● Study material:
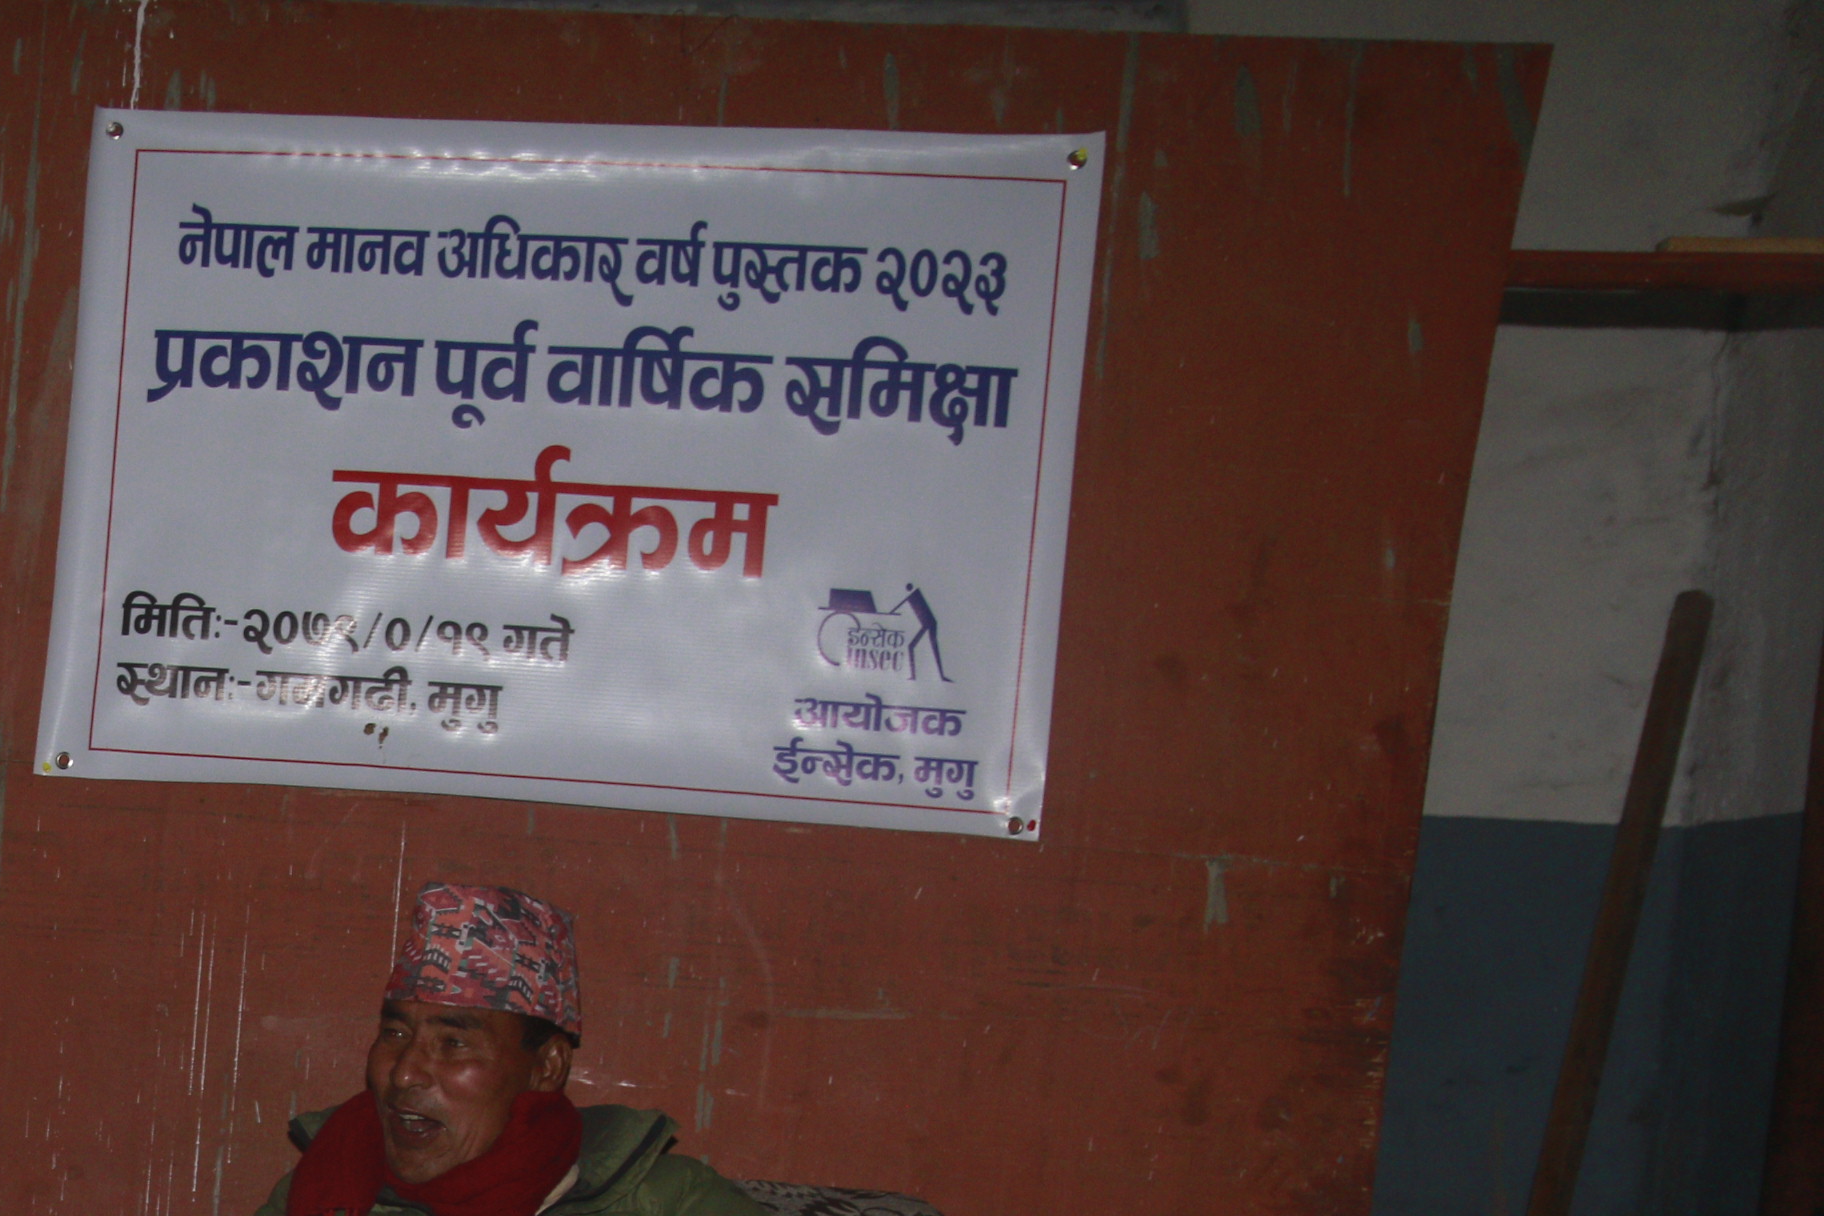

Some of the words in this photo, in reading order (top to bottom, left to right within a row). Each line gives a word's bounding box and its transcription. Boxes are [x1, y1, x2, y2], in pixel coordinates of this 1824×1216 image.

[178, 202, 299, 278] नेपाल
[306, 226, 430, 277] मानव
[437, 213, 634, 307] अधिकार
[635, 220, 708, 287] वर्ष
[712, 241, 868, 311] पुस्तक
[876, 246, 1008, 316] २०२३
[147, 328, 424, 411] प्रकाशन
[434, 318, 539, 429] पूर्व
[547, 325, 774, 414] वार्षिक
[785, 335, 1019, 446] समिक्षा
[331, 444, 780, 578] कार्यक्रम
[502, 613, 574, 661] गते
[427, 680, 503, 733] मुगु
[794, 692, 967, 736] आयोजक
[914, 756, 979, 801] मुगु

● Exercise details: Give back each of the records above word for word, apart from the pictures.

● Written reply:
Some of the words in this photo, in reading order (top to bottom, left to right within a row). Each line gives a word's bounding box and its transcription. Boxes are [x1, y1, x2, y2], in pixel coordinates of this 1824×1216 image.

[178, 202, 299, 278] नेपाल
[306, 226, 430, 277] मानव
[437, 213, 634, 307] अधिकार
[635, 220, 708, 287] वर्ष
[712, 241, 868, 311] पुस्तक
[876, 246, 1008, 316] २०२३
[147, 328, 424, 411] प्रकाशन
[434, 318, 539, 429] पूर्व
[547, 325, 774, 414] वार्षिक
[785, 335, 1019, 446] समिक्षा
[331, 444, 780, 578] कार्यक्रम
[502, 613, 574, 661] गते
[427, 680, 503, 733] मुगु
[794, 692, 967, 736] आयोजक
[914, 756, 979, 801] मुगु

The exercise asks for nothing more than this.